Murphy, who supports many public outreach efforts alongside her IT responsibilities at the Free Library of Philadelphia (FLP), says their city, like Seattle, is one of diverse neighborhoods and the library has a presence in 54 of them.
“The digital divide is incredibly high—50 percent of the population has no access to high-speed internet or computers in the home,” she says.
“That changes our role dramatically from being a place where people check out books to one where people come to apply for jobs and kids can do their homework. We have a free drop-in after-school program where we see around 2,000 kids every day throughout our system.
“Outside the library walls, the Techmobile—loaded with Wi-Fi, six laptops, and an instructor—allows us to take technology into the different neighborhoods,” she says. “We can park on the corner and have people come on board for résumé instruction, editing, printing, help designing business cards, or to just watch videos for an hour.”
Murphy says Philadelphia, named GQ 2018 City of the Year, is renowned for its culinary history, and also, unfortunately, for a recent spike in opioid addiction. “People come from all over to get cheap heroin in the Kensington neighborhood,” she says. So much so, in fact, the Philadelphia mayor’s task force calls the opioid epidemic their greatest public health crisis in a century and has mobilized every effort to fight it, including the library.

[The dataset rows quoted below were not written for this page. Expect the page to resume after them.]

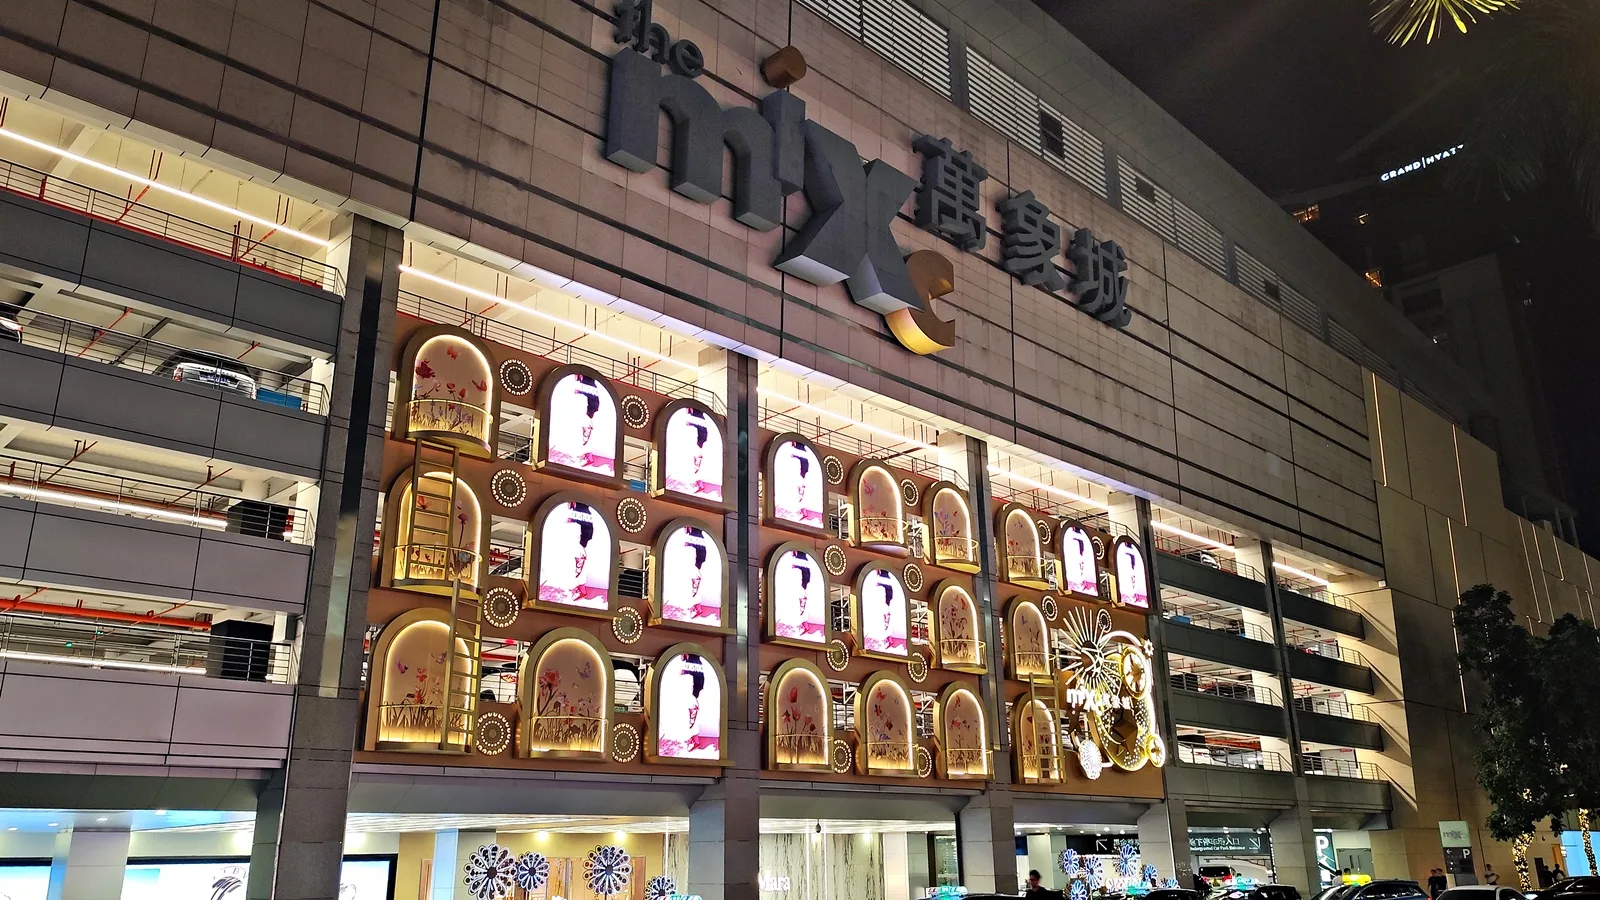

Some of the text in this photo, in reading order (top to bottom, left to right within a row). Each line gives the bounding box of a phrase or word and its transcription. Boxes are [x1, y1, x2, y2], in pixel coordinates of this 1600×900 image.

[614, 0, 705, 79] the
[1380, 161, 1422, 182] GRAND
[912, 133, 1133, 329] 萬象城
[1315, 835, 1330, 856] P
[1462, 848, 1471, 859] P

“One of our biggest outreach initiatives is using Narcan, the antidote for narcotic overdose,” says Murphy. “We also have training on how to assist with ODs in our bathrooms and reading rooms. We have required people to leave their ID at the front desk when they use the bathroom because so many ODs happen there.”
Murphy pauses and sighs. “Sometimes an overdose happens when kids are in the library and staff have to go over and administer Narcan. So, we have a lot of challenges.”
Like Seattle, the FLP has social workers on staff to help connect patrons to appropriate services, but Murphy says they could use a few more as the number of unhoused people continues to rise.
Beyond this aspect of their service, the FLP sponsors an immense array of programs and events spanning every imaginable topic and also provides 1,000 computers for public use.
“The library is such a multifaceted information hub for the community,” Murphy says. “The library card is magical.
“In the Central Library, for example, we’ve turned a rooftop space into a culinary literacy center. The idea grew out of a survey asking teens what programs they’d like to see. Their response was a desire to learn how to cook—to learn a marketable skill to help feed and provide for their families.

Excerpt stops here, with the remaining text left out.